Analytics: Hacker News v.s. a tweet from Elon Musk
17th February 2023
My post Bing: “I will not harm you unless you harm me first” really took off.
It sat at the top of Hacker News for a full day, and is currently the 18th most popular post of all time on that site.
And then this happened:
Might need a bit more polish …https://t.co/rGYCxoBVeA
- Elon Musk (@elonmusk) February 15, 2023
Given recent changes made to the Twitter algorithm, a lot of people saw that. Twitter currently reports 30.4M views of that tweet.
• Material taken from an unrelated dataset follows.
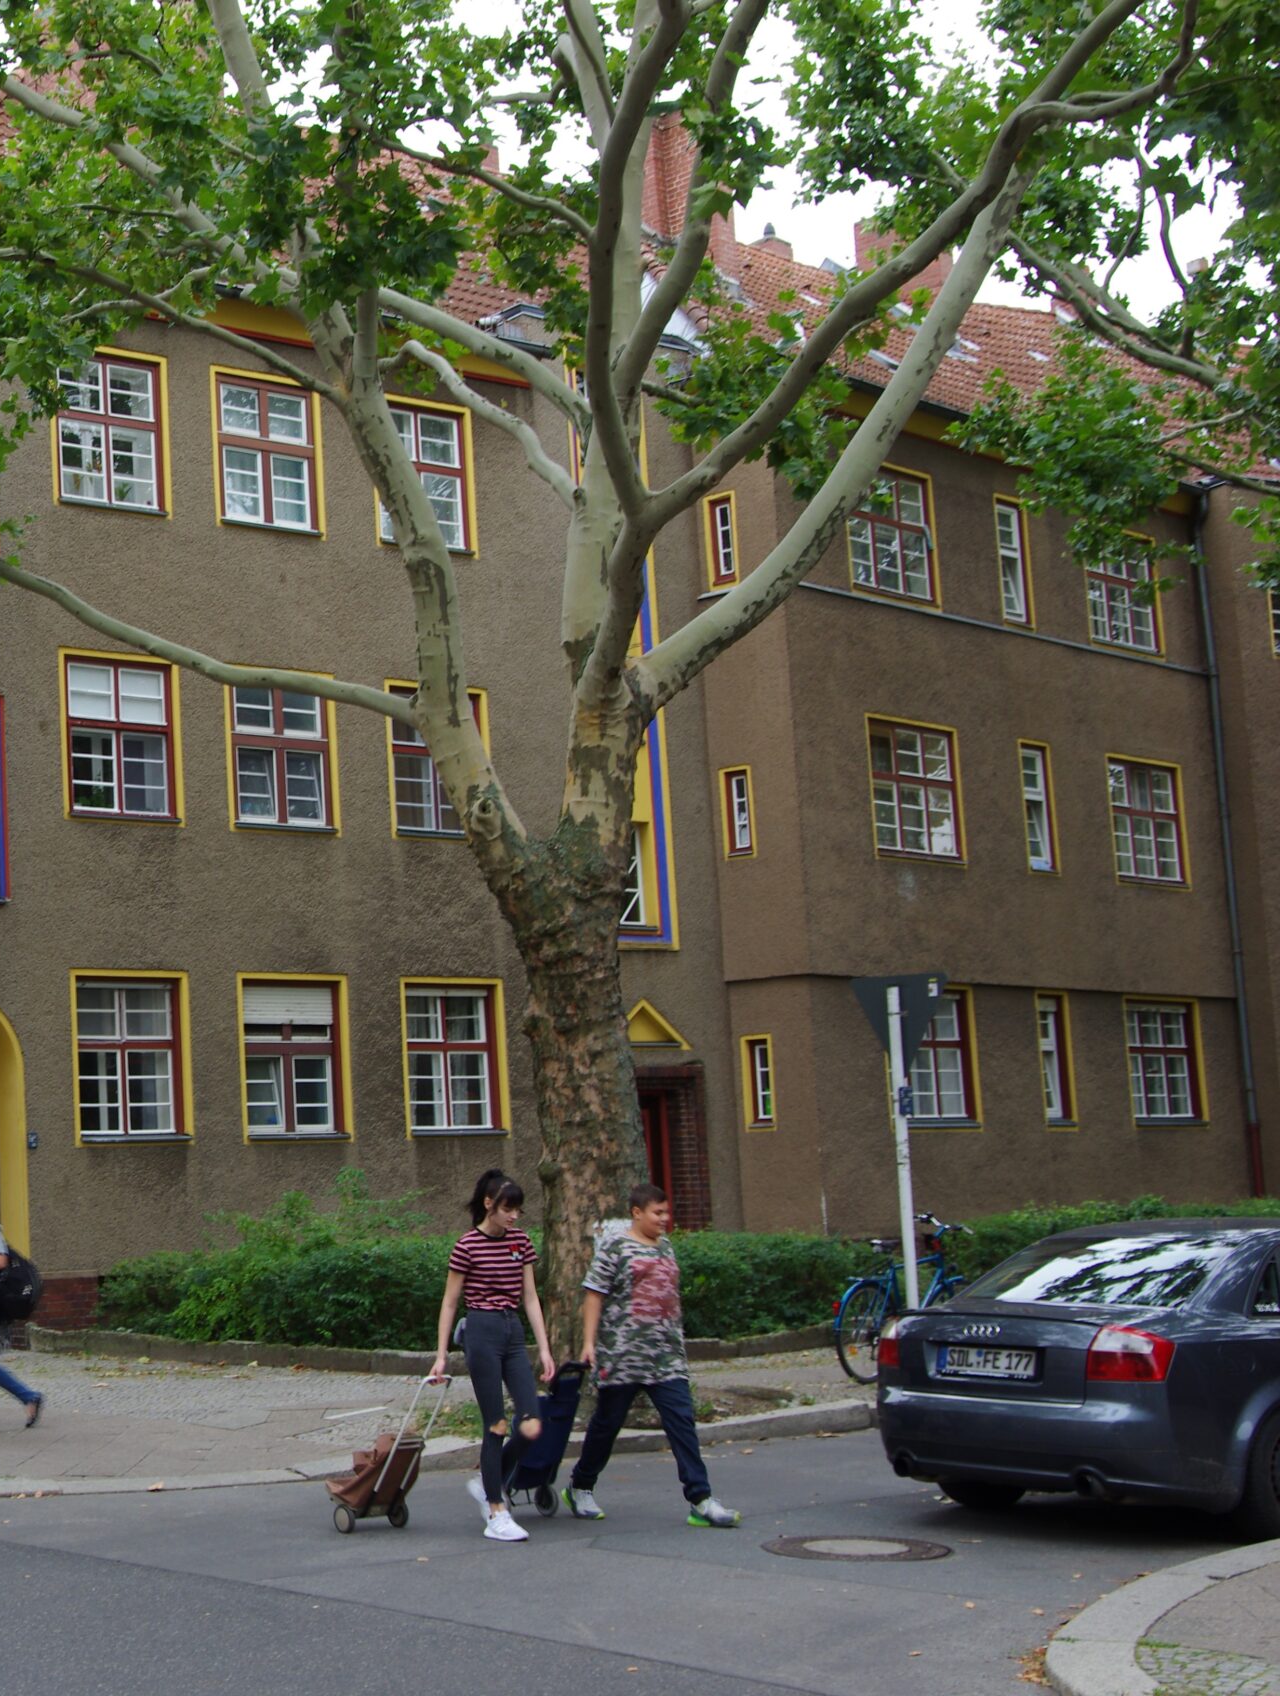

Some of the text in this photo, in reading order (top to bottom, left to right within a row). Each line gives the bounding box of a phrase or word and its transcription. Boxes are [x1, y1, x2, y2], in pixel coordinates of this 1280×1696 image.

[947, 1348, 1034, 1372] SDL FE 177
A bunch of people asked me how much of that converted into page views. So let’s dive in!
Headline figures
Here’s my Plausible dashboard for that post over the past few days:
Overall numbers: 959k unique visitors, 1.1M page views.
Top sources of traffic:
- Twitter: 721k
- Direct / None: 132k (this includes traffic from Mastodon)
- Hacker News: 49.5k
- Facebook: 13.4k
- Reddit: 8.3k
- Google: 7.8k
- tldrnewsletter: 6k
- LinkedIn: 5.4k
If we assume the vast majority of the Twitter traffic was from Elon (which seems reasonable) that’s 30.4M / 721k = roughly a 2.37% click through rate.
Notable that sticking at the top of Hacker News for a day really does drive an enormous amount of traffic—18% of the traffic you get from the second most followed account on Twitter (looks like Barack Obama is still number one).
More detailed analytics via Plausible and Cloudflare
I mainly use Plausible for my site’s analytics. I really like them: they’re privacy-focused, open source (though I use their hosted version) and show me exactly the subset of data I want to see. Most importantly, they don’t set cookies.
My site also runs behind Cloudflare, which also provides analytics. I don’t pay for the upgraded analytics, but it turns out you can still get some pretty detailed numbers out of them—especially if you’re willing to dig around in the browser DevTools.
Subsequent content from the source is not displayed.